**What you should do**
An exact transcription of all the records is required, minus the images.

Saved data entries:

+===+

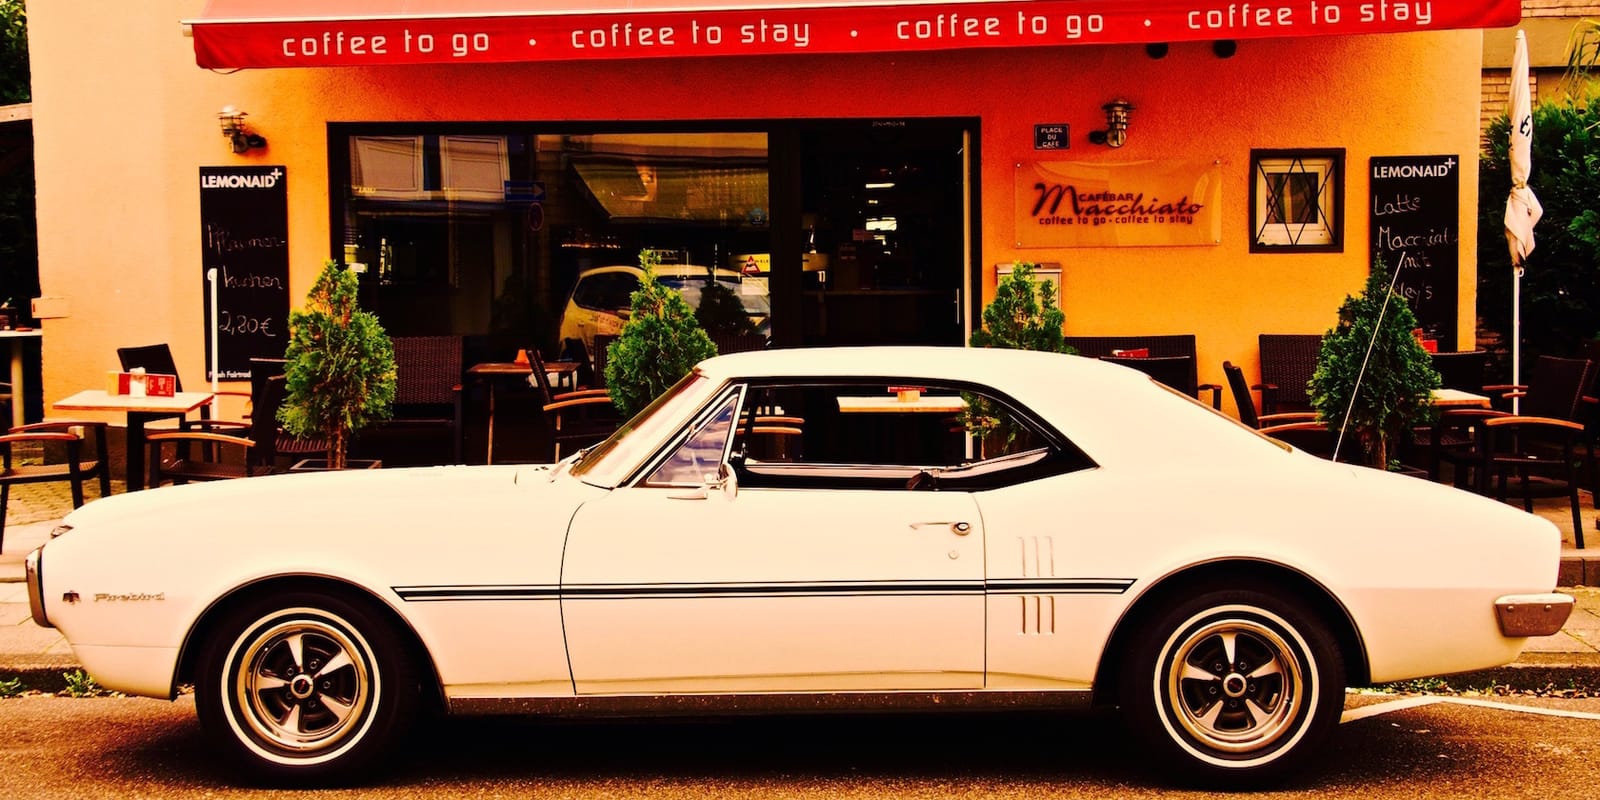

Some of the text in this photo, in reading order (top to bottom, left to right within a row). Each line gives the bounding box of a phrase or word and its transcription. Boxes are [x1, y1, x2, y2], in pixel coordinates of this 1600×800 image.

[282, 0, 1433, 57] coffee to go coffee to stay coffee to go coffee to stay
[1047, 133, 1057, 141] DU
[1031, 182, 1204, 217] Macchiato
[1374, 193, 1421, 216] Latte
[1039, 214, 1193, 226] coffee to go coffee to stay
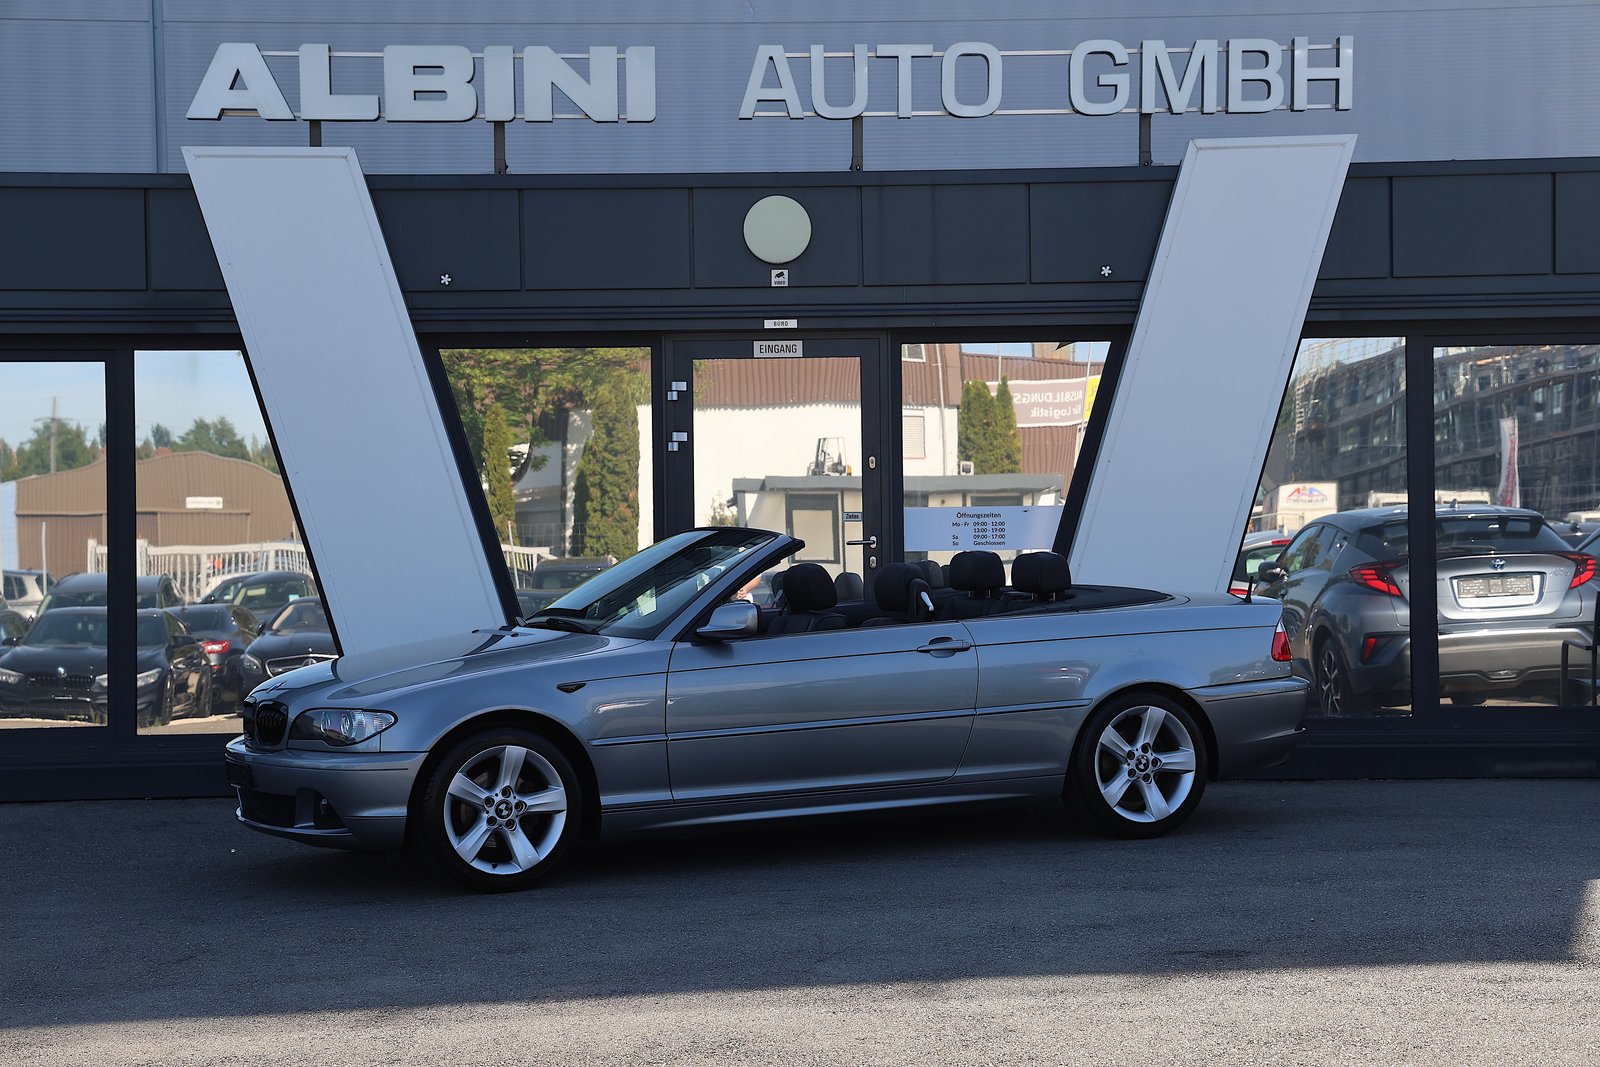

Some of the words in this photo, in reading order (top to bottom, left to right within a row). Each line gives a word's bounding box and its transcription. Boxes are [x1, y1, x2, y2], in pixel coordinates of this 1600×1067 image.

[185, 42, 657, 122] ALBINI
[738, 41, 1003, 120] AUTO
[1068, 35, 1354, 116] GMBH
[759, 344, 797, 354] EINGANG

+===+

**Written solution**
Some of the text in this photo, in reading order (top to bottom, left to right within a row). Each line gives the bounding box of a phrase or word and its transcription. Boxes are [x1, y1, x2, y2], in pixel coordinates of this 1600×800 image.

[282, 0, 1433, 57] coffee to go coffee to stay coffee to go coffee to stay
[1047, 133, 1057, 141] DU
[1031, 182, 1204, 217] Macchiato
[1374, 193, 1421, 216] Latte
[1039, 214, 1193, 226] coffee to go coffee to stay

Some of the words in this photo, in reading order (top to bottom, left to right within a row). Each line gives a word's bounding box and its transcription. Boxes are [x1, y1, x2, y2], in pixel coordinates of this 1600×1067 image.

[185, 42, 657, 122] ALBINI
[738, 41, 1003, 120] AUTO
[1068, 35, 1354, 116] GMBH
[759, 344, 797, 354] EINGANG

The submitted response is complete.